人民網日本語版 2021年11月01日16:10

2017年、シェア自転車をこいでチョモランマのベースキャンプまで行った人がいるというのが話題になった。それから4年経った最近、シェア自転車とエベレストの縁が再びつながった。人民網が報じた。

都市部で走行距離が1萬キロ以上になり廃棄されることになったシェア自転車のタイヤ約2000本がリサイクルされ、環境にやさしい舗裝材となってバスケットボールコートに利用され、新しい使命を負うようになっている。

公益環境保護プロジェクト「シェア自転車がバスケットコートに変身」の一環として、チョモランマの麓にある標高が4300メートル以上ある定日(ティンリ)県中心小學校に設置されたバスケットコートは、同プロジェクトで中國全土に設置された18番目のバスケットコートとなる。

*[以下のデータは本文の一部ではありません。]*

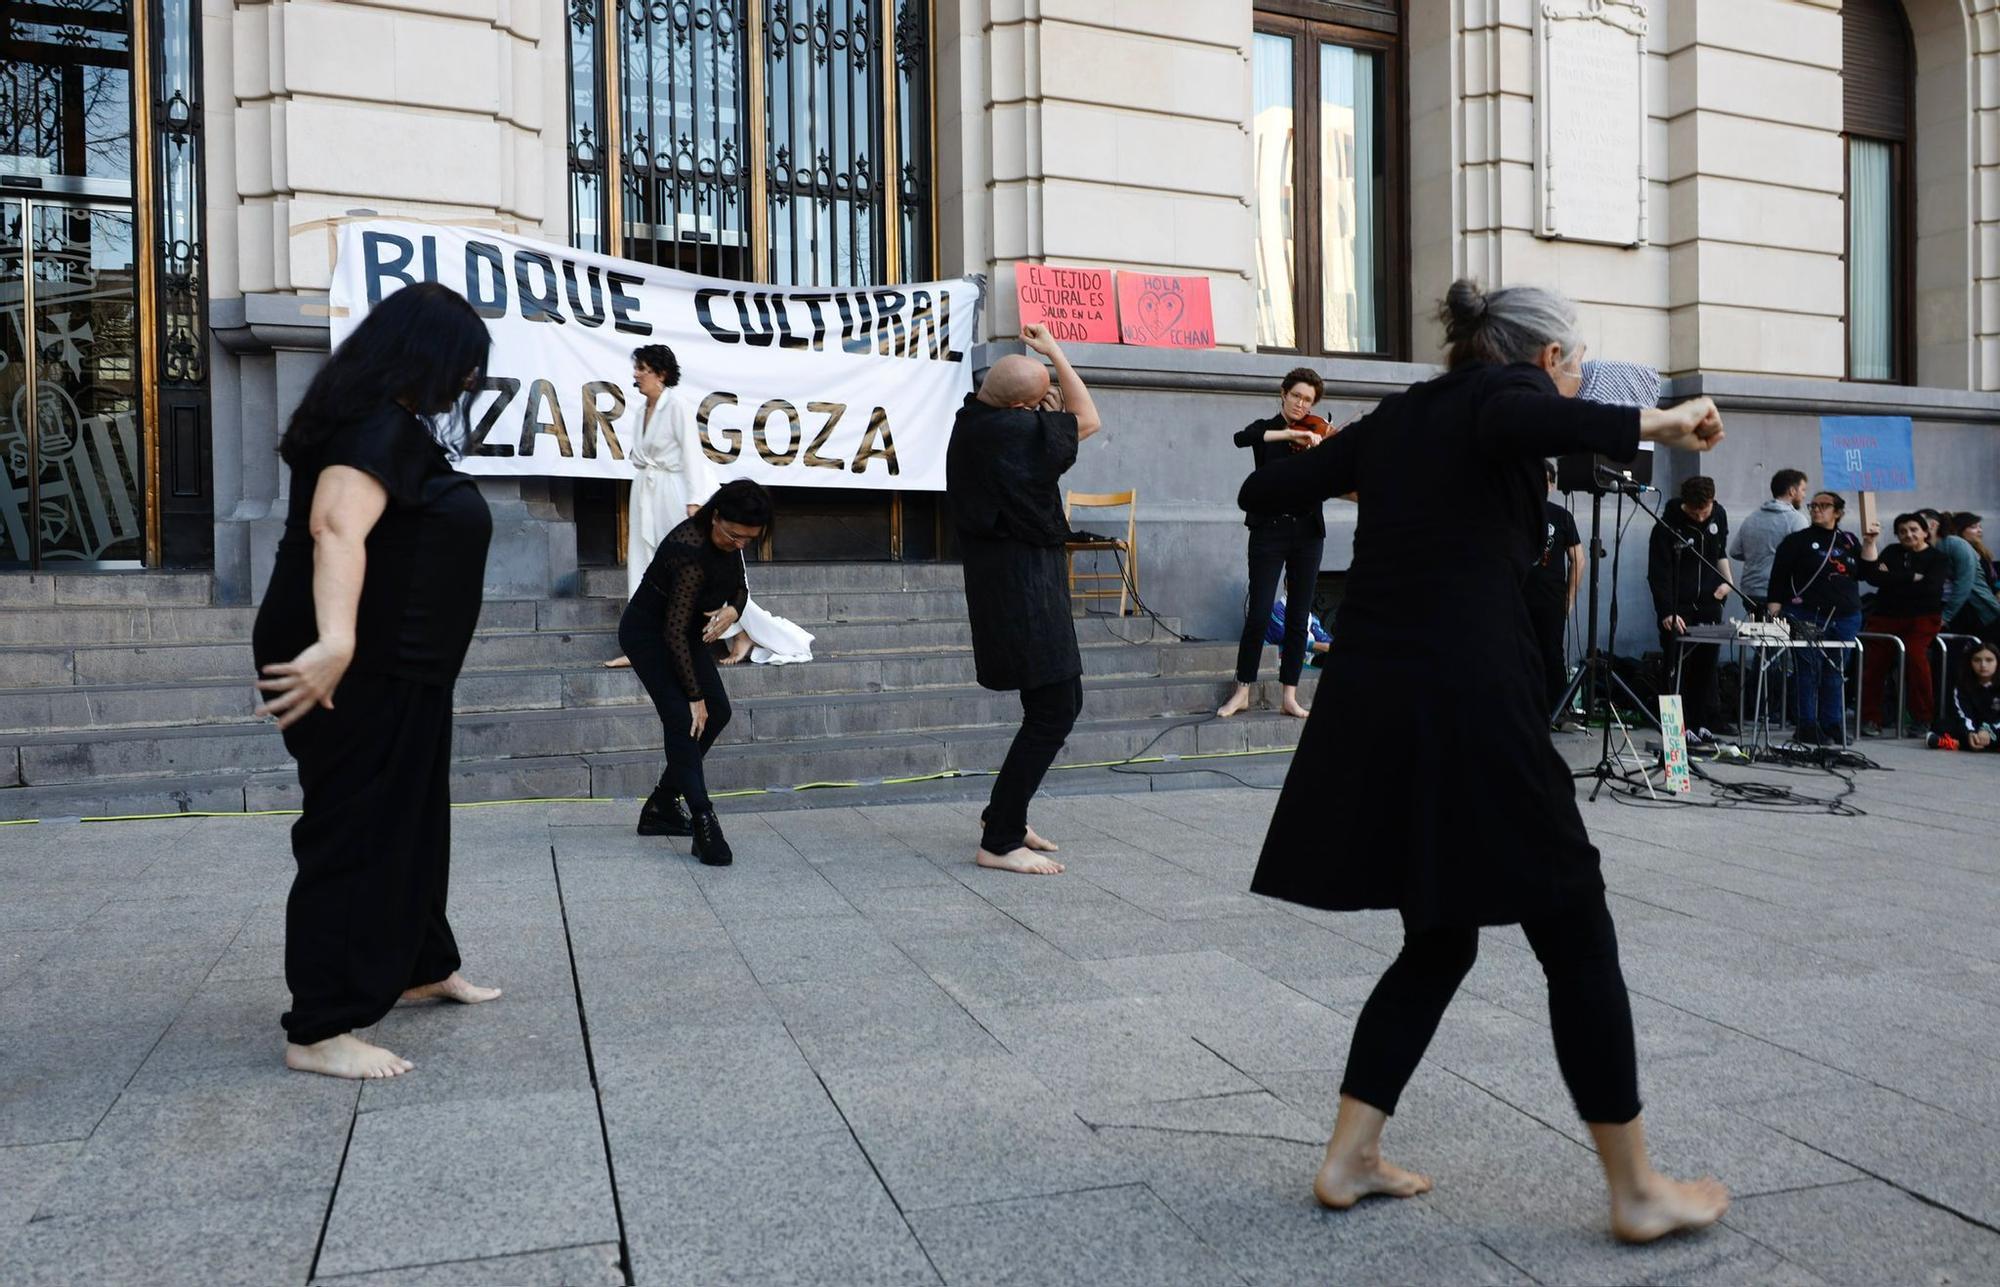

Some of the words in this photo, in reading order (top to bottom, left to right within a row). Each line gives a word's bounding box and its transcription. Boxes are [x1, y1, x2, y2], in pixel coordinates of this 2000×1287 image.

上空から見た「シェア自転車」が描かれたティンリ県中心小學校のバスケットコート。

チョモランマの麓にある小學校

西蔵(チベット)自治區日喀則(シガツェ)市の南西部に位置するティンリ県は平均標高が5000メートルで、県政府所在地の協格爾(シェーカル)鎮の標高は4300メートル以上だ。拉薩(ラサ)市からは約500キロ離れており、車で8時間以上かかる。

朝日を浴びて金色に輝くチョモランマの絶景。

標高の高い地域では、低酸素だけでなく、強い紫外線や乾燥した空気も試練となる。ティンリ県の太陽放射量は北京の約2倍だ。つまり、夕方でも肌が痛くなるほど日差しが強いということになる。

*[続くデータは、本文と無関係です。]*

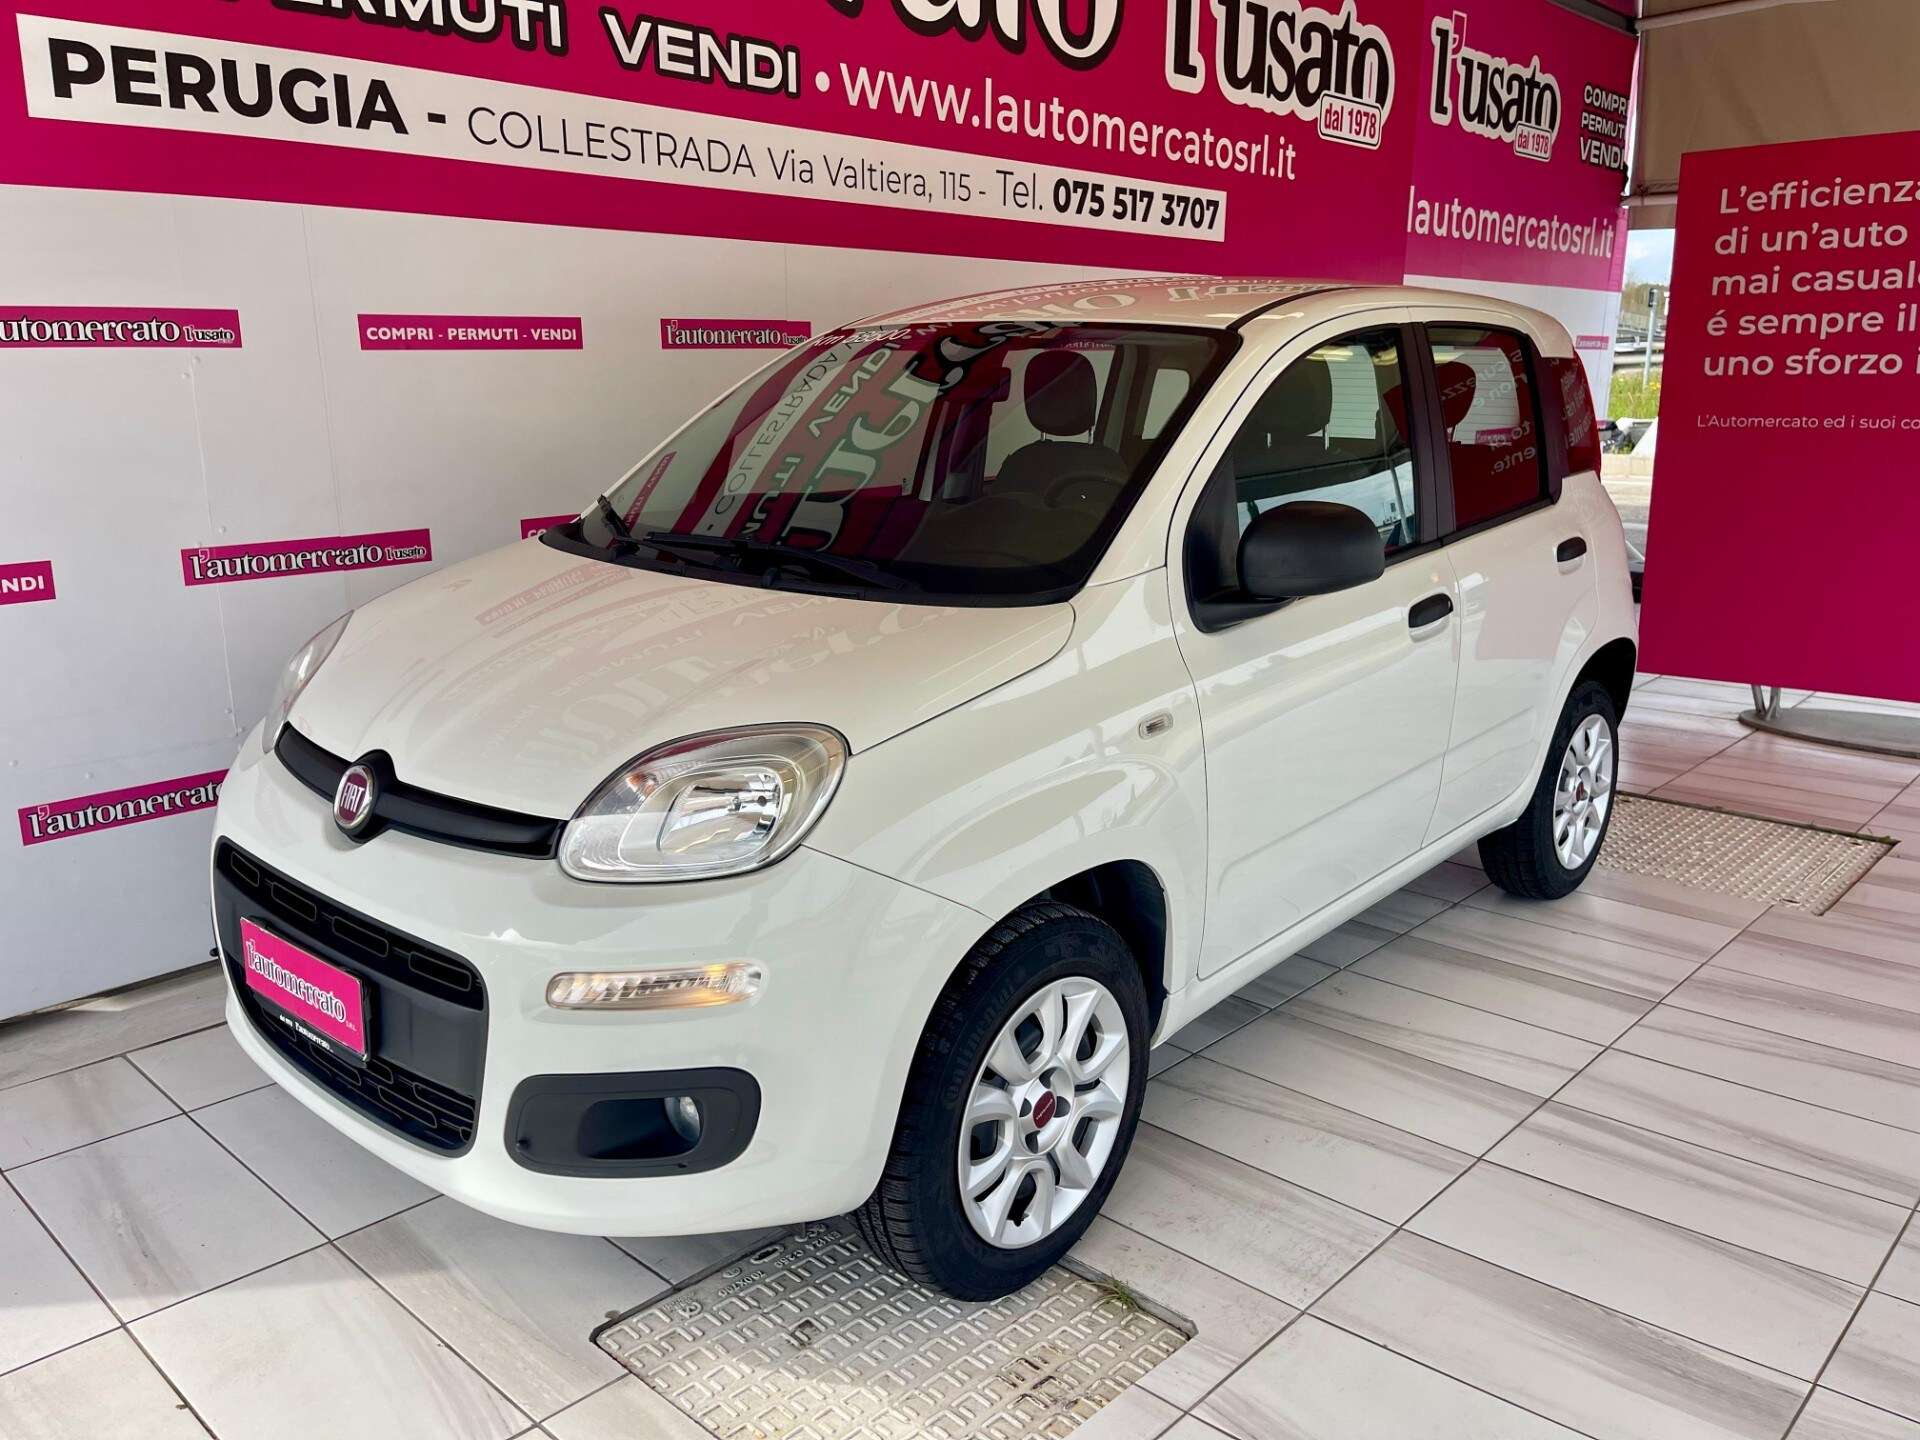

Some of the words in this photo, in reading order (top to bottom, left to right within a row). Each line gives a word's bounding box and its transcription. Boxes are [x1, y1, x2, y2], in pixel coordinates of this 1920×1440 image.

[1172, 0, 1390, 109] lusato
[1433, 10, 1559, 135] l'usato
[603, 12, 799, 95] VENDI
[839, 62, 1296, 181] www.lautomercatosrl.it
[1584, 85, 1629, 115] COMPR
[48, 37, 409, 135] PERUGIA
[467, 107, 756, 178] COLLESTRADA
[767, 147, 814, 185] Via
[823, 155, 933, 203] Valtiera,
[939, 171, 973, 203] 115
[996, 170, 1044, 211] Tel.
[1053, 178, 1104, 218] 075
[1112, 188, 1154, 223] 517
[1160, 192, 1220, 230] 3707
[1324, 103, 1344, 132] dal
[1348, 108, 1377, 139] 1978
[1581, 112, 1626, 138] PERMUT
[1517, 130, 1530, 149] dal
[1531, 133, 1549, 154] 1978
[1580, 136, 1625, 170] VENDI
[1407, 185, 1614, 259] lautomercatosrl.it
[1714, 225, 1749, 255] di
[1761, 222, 1908, 252] un'auto
[1711, 265, 1781, 296] mai
[1791, 260, 1920, 292] casual
[366, 326, 433, 341] COMPRI
[448, 328, 519, 341] PERMUTI
[531, 328, 577, 341] VENDI
[666, 320, 781, 345] l'automercato
[1706, 309, 1728, 336] é
[1737, 310, 1884, 340] sempre
[1897, 303, 1918, 332] il
[1703, 355, 1774, 376] uno
[1785, 347, 1903, 375] sforzo
[1697, 414, 1819, 429] L'Automercato
[1823, 415, 1846, 429] ed
[1850, 415, 1855, 429] i
[1859, 415, 1896, 430] suoi
[0, 575, 45, 594] NDI
[340, 782, 366, 813] FIAT
[246, 939, 347, 1023] l'automercato

県政府所在地のシェーカル鎮は、小さな盆地で山に囲まれ、青空が広がり、低い位置に雲がわいている。最も賑やかな場所には、2階建ての店が並び、車で10分もあれば鎮全體を1周できる。

ティンリ県熱拉木村の田畑を歩く女性2人。

ティンリ県中心小學校の巴頓?副校長によると、同校には生徒749人が就學しており、シェーカル鎮內にある自宅から通う學生が6割。周辺の村に自宅がある學生は寮に住み、毎週金曜日になると、保護者が車や電動自転車で迎えに來るという。

ティンリ県熱拉木村の近くで羊を放牧する牧畜民。

2018年、中國政府の各種政策的サポートを受け、新しく建設された小學校に移転した。同校には校舎や教師?學生の寮、食堂、洗濯室、バスケットコート、人工芝のサッカーコートなどが完備されている。

學生たちは授業で、デジタル化デバイスを利用してオンラインで最新の學習用教材を學ぶことができる。ただ、子供たちはもっといいバスケットコートが欲しいとずっと望んでいた。

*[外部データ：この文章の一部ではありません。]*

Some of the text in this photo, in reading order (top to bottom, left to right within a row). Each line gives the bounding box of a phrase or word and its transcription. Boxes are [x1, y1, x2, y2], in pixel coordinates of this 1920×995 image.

ティンリ県中心小學校の運動場で體育の授業を受ける學生たち。

シェア自転車のタイヤをリサイクルした材料で新しいバスケットコートを作る計畫について聞いた子供たちは、目を丸くして驚き、次々に質問し始めたという。最も多かったのは、「タイヤで作るなら、黒いバスケットコートになるということ?黒は見た目が良くないと思う」という質問だったという。

シェア自転車がチョモランマの麓で新たな使命

シェア自転車の登場により、駅やバス停から自宅までなどの「最後の1キロ」を便利に移動することができるようになったものの、自転車を廃棄する際の環境問題、特に廃棄タイヤの処理の仕方にも注目が集まるようになった。

シェア自転車を展開する美団の交通業務の持続可能な発展を擔當するシニア専門家の秦浩氏と同僚たちは、視察や検討を重ねて、「タイヤの材料であるポリウレタンには揮発性物質が一切含まれておらず、それを粉々にして舗裝材とし、環境にもやさしい高品質の接著剤を使ってバスケットコートにすると、弾力性がちょうどよく、丈夫で長く使用することができ、子供たちのためにより安全で、快適なスポーツをする環境を提供できる」ということを思いついた。

「シェア自転車がバスケットコートに変身」プロジェクトの一環であるこのバスケットコートは、同プロジェクトにおける全國に設置された18番目のバスケットコートとなる。これまで貴州省普安県や江西省井岡山市、青海省大通県、四川省小金県、福建省仙遊県、湖北省紅安県などの山地にある學校に設置された。リサイクルされたタイヤは4萬本以上で、舗裝面積は合わせて1萬平方メートルに達する。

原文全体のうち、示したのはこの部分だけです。